Reflections of a Data Scientist: Model and Method Utilization

There are many model types, methods and techniques demonstrated on this website. In this entry, I will categorize each of the aforementioned concepts, and provide a brief description as it pertains to the scenario which would warrant appropriate utilization.

(Tests of Normality)

Q-Q Plot – A graph which is utilized to assess data for normality.

P-P Plot – A graph which is utilized to assess data for normality.

Shapiro-Wilk Normality Test – A test which is utilized to test data for normality.

(Tests Related to Parametric Model Variable Correlation)

Variance Influence Factor – A method which tests model variables for correlation.

(Pearson) Coefficient of Correlation – A method which tests variables for correlation.

Partial Correlation - A method which is utilized to measure the correlation between two variables, while also controlling for a third variable.

Distance Correlation – A method which tests model variables for correlation through the utilization of a Euclidean distance formula.

Canonical Correlation – A method which assesses model variables for correlation through the combination of model variables into independent groups.

(Tests Related to Non-Parametric Model Variable Correlation)

Spearman’s Rank Correlation - A non-parametric alternative to the Pearson correlation. This method is utilized in circumstances when either data samples are non-linear, or the data type contained within those samples are ordinal.
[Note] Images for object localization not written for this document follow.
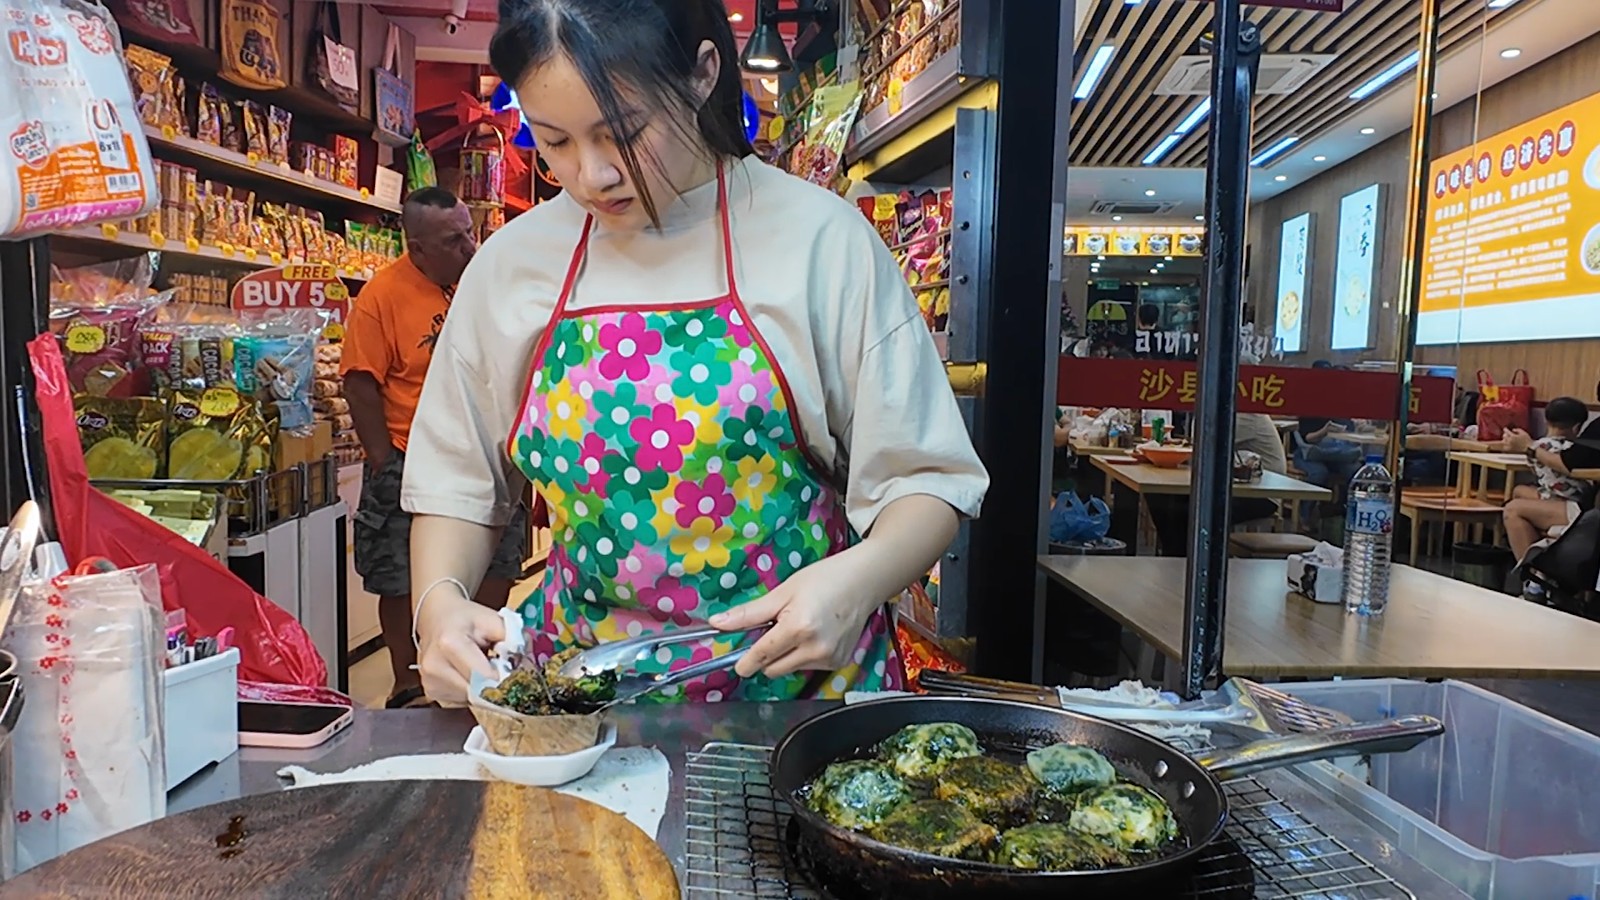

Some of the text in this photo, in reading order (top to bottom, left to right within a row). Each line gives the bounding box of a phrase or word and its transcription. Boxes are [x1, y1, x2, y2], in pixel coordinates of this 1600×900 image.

[292, 265, 331, 279] FREE
[243, 280, 303, 306] BUY
[310, 281, 326, 307] 5
[143, 342, 169, 354] PACK
[1139, 368, 1285, 407] 沙县吃
An example of ordinal data – “survey response data which asked the respondent to rank a particular item on a scale of 1-10”.
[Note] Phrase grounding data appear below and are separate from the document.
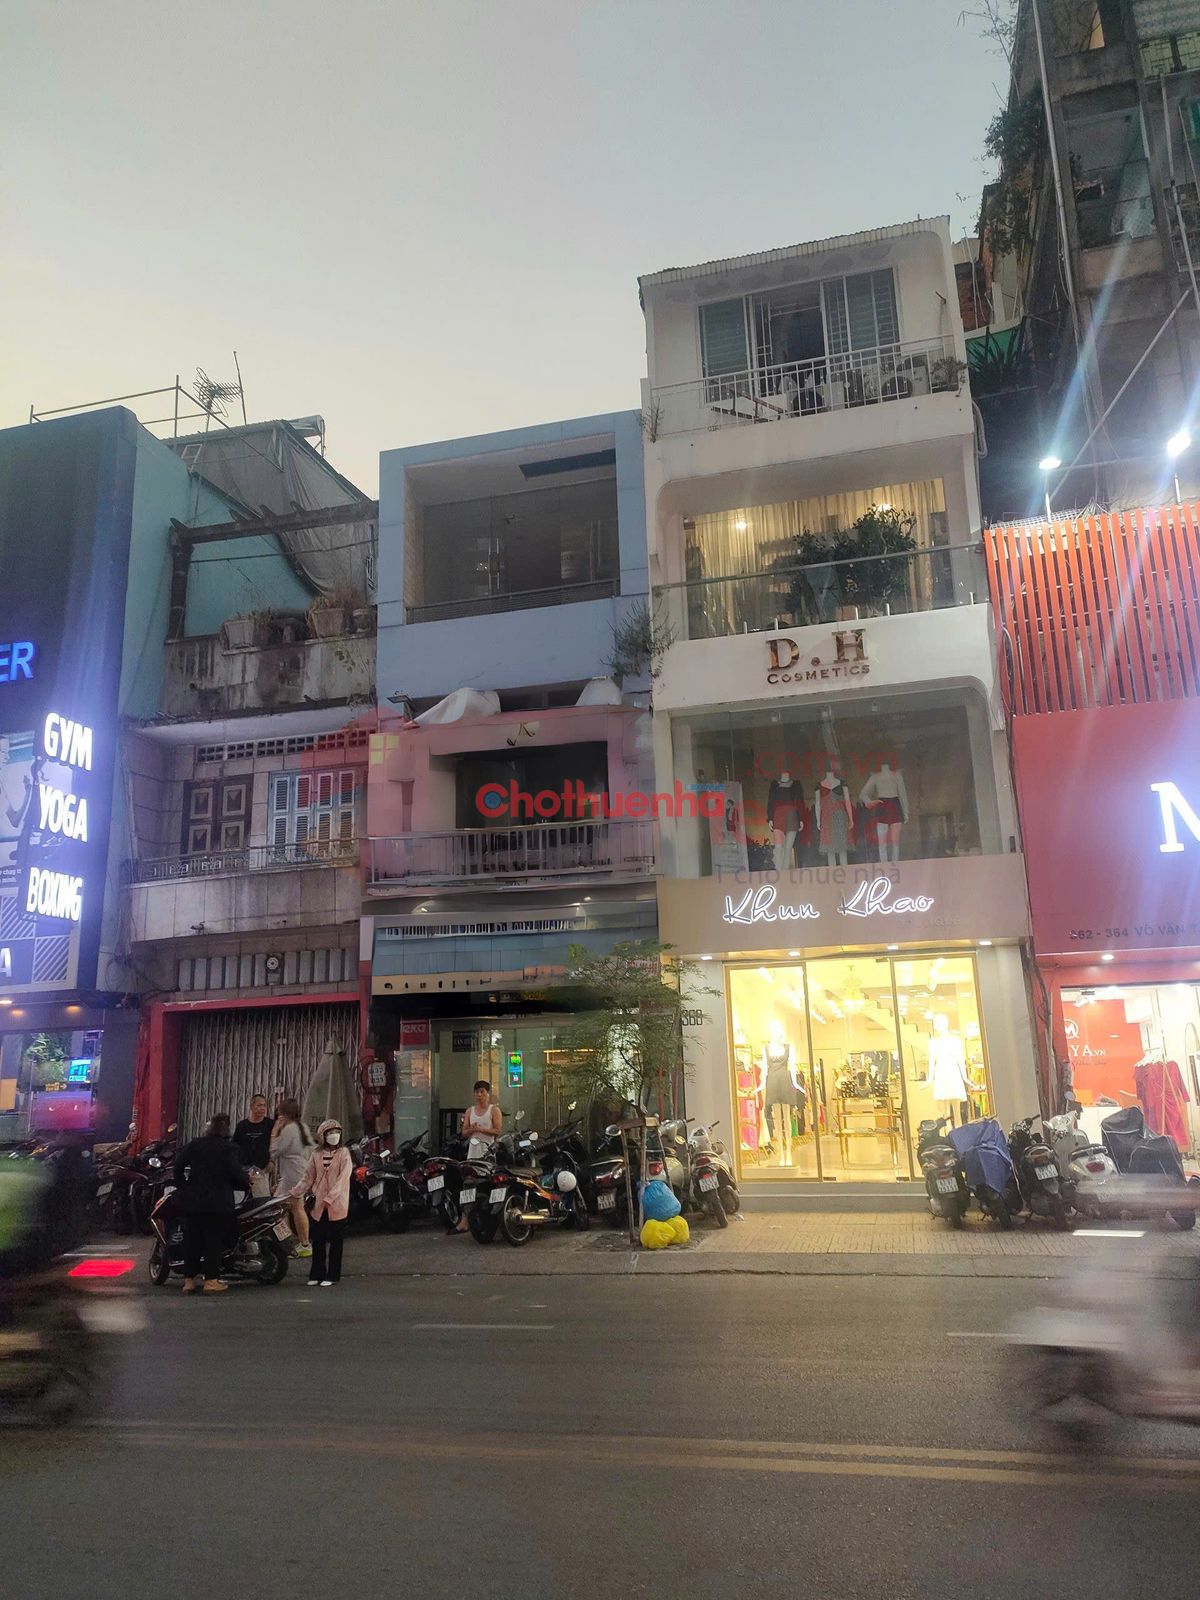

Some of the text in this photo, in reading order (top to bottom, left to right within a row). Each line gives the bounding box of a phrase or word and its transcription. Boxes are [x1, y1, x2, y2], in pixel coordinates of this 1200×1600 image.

[767, 665, 871, 684] COSMETICS
[44, 712, 92, 771] GYM
[39, 783, 88, 843] YOGA
[26, 867, 83, 921] BOXING
[722, 876, 935, 924] Khun Khao
[1105, 927, 1129, 938] 364
Kendall Rank Correlation Coefficient - Like Spearman’s rho, Kendall’s Tau is also utilized in circumstances when either data samples are non-linear, or the data type contained within the samples is ordinal.

(Tests of Significance Amongst Groups)

One Sample T-Test - This test is utilized to compare a sample mean to a specific value, it is used when the dependent variable is measured at the interval or ratio level.
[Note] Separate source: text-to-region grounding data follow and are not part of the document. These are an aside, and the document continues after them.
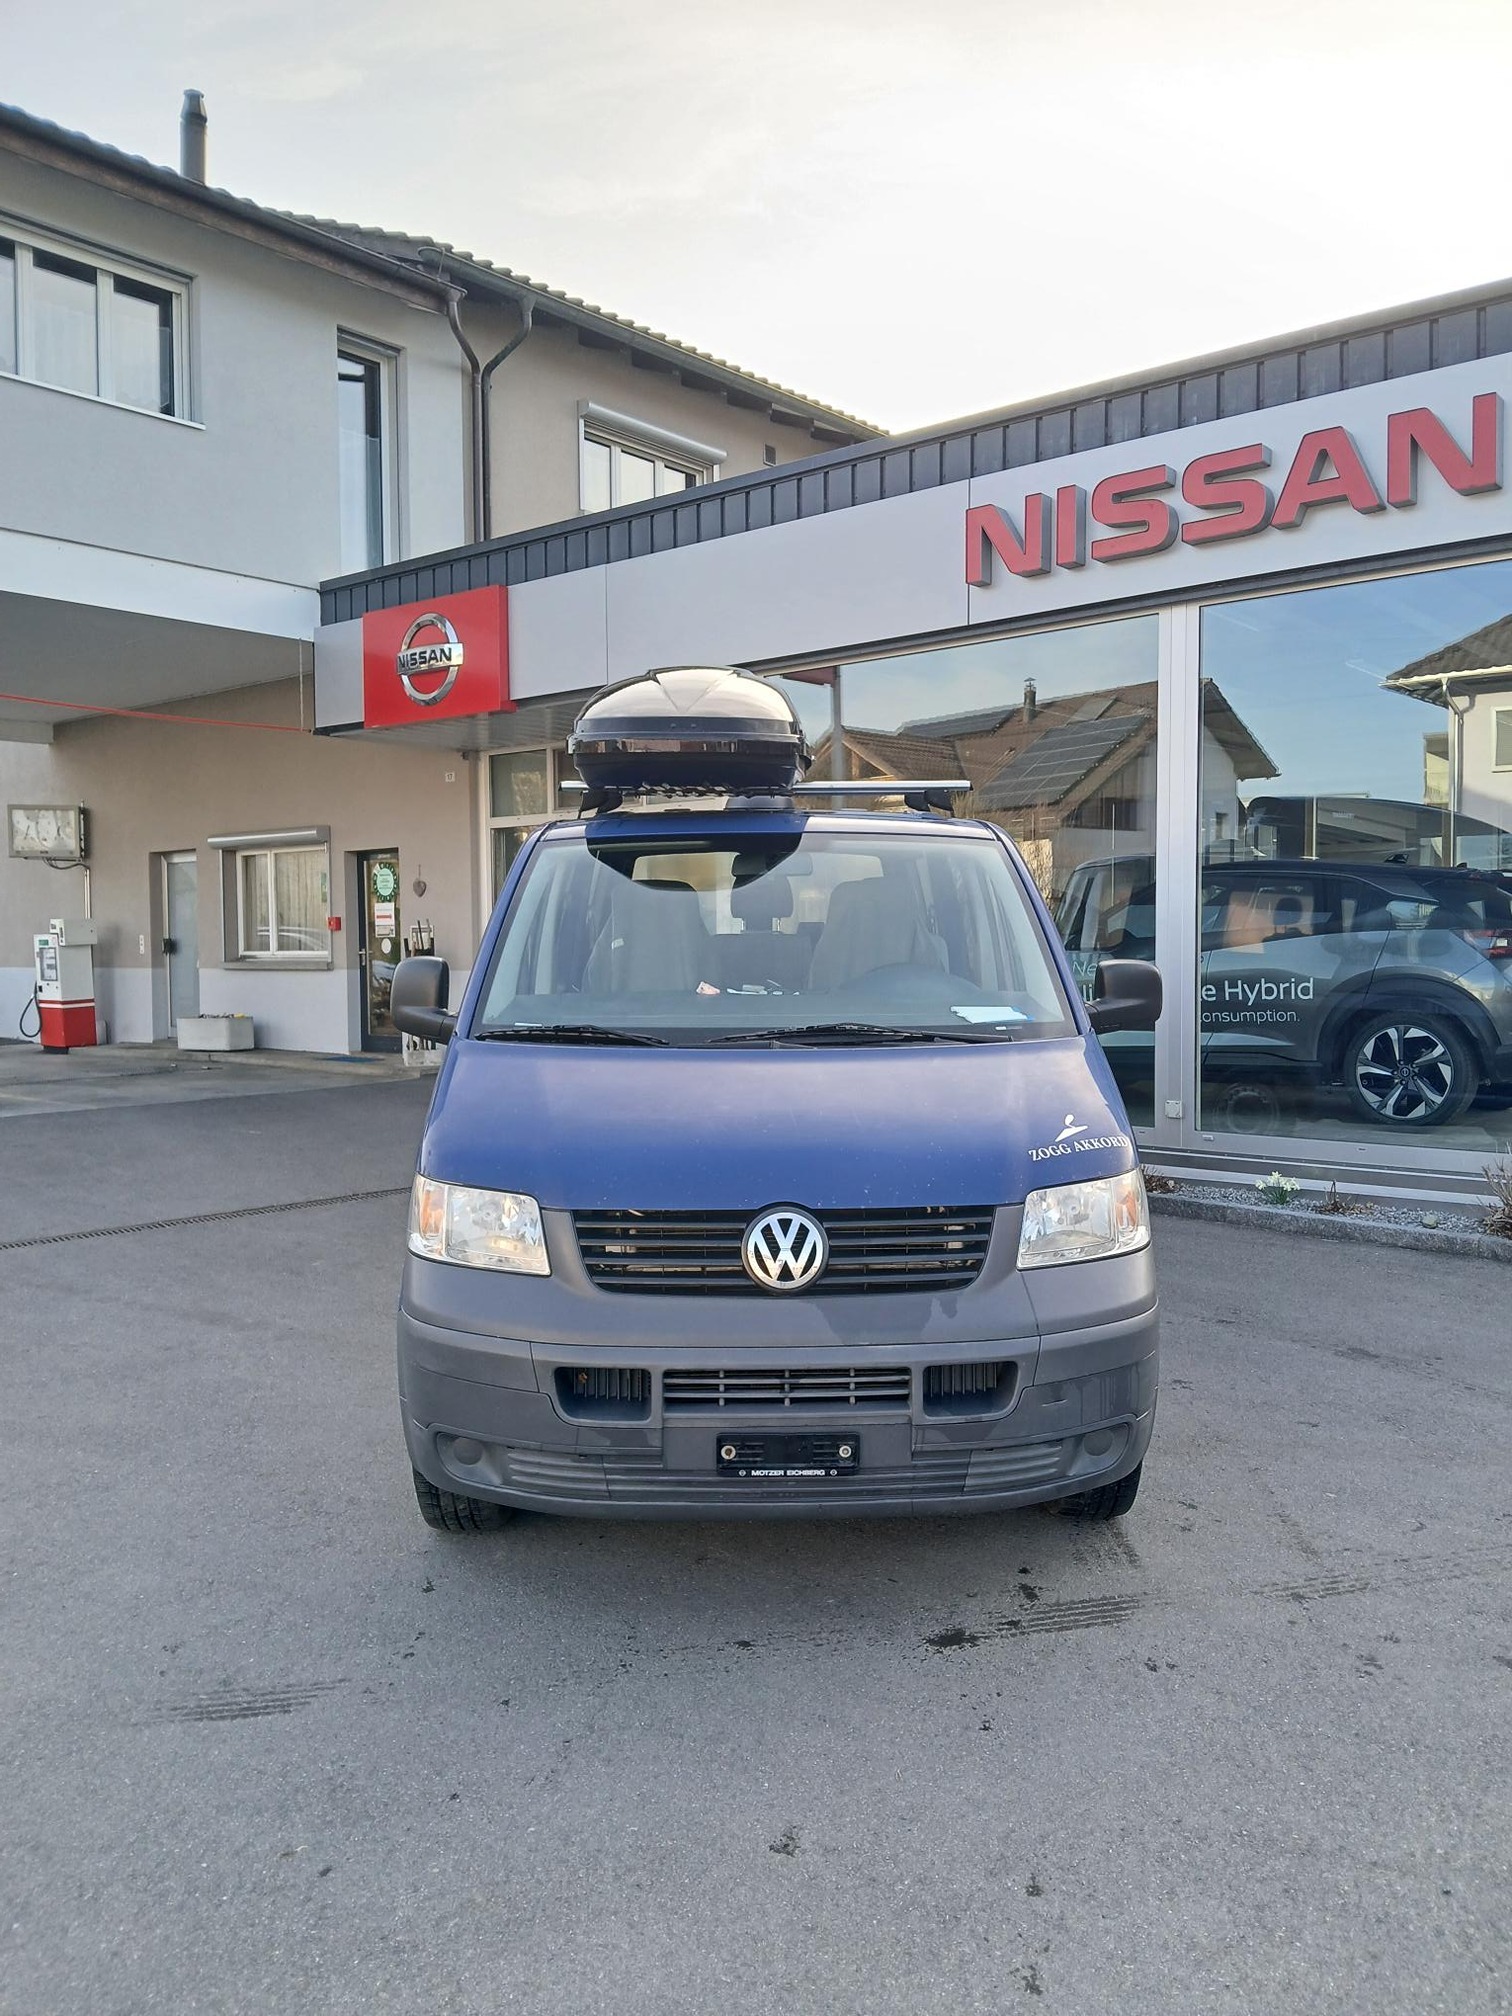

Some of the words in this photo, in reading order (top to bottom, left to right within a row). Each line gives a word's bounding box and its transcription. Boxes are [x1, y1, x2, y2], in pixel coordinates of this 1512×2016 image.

[966, 392, 1502, 587] NISSAN
[398, 648, 452, 668] NISSAN
[1225, 977, 1314, 1006] Hybrid
[1200, 1008, 1300, 1025] onsumption.
[1029, 1143, 1071, 1161] ZOGG
[1074, 1136, 1128, 1152] AKKORD
Two Sample T-Test - This test functions in the same manner as the above test. However, in the case of this model, data is randomly sampled from different sets of items from two separate control groups.

The Welch Two Sample T-Test - This test functions in the same manner as the above test. The only difference being, this method is utilized if data is randomly sampled from different sets of items from two separate control groups of uneven size.

Paired T-Test – Similar in composition to the Two Sample T-Test, this test is utilized if you are sampling the same set twice, once for each variable.

(Analysis of Variance “ANOVA”)

Analysis of Variance – Also known as ANOVA, this method is utilized to test for significance across the variances of multiple sample groups. In many ways, this test is similar to a t-test, however, ANOVA allows for multiple group comparison.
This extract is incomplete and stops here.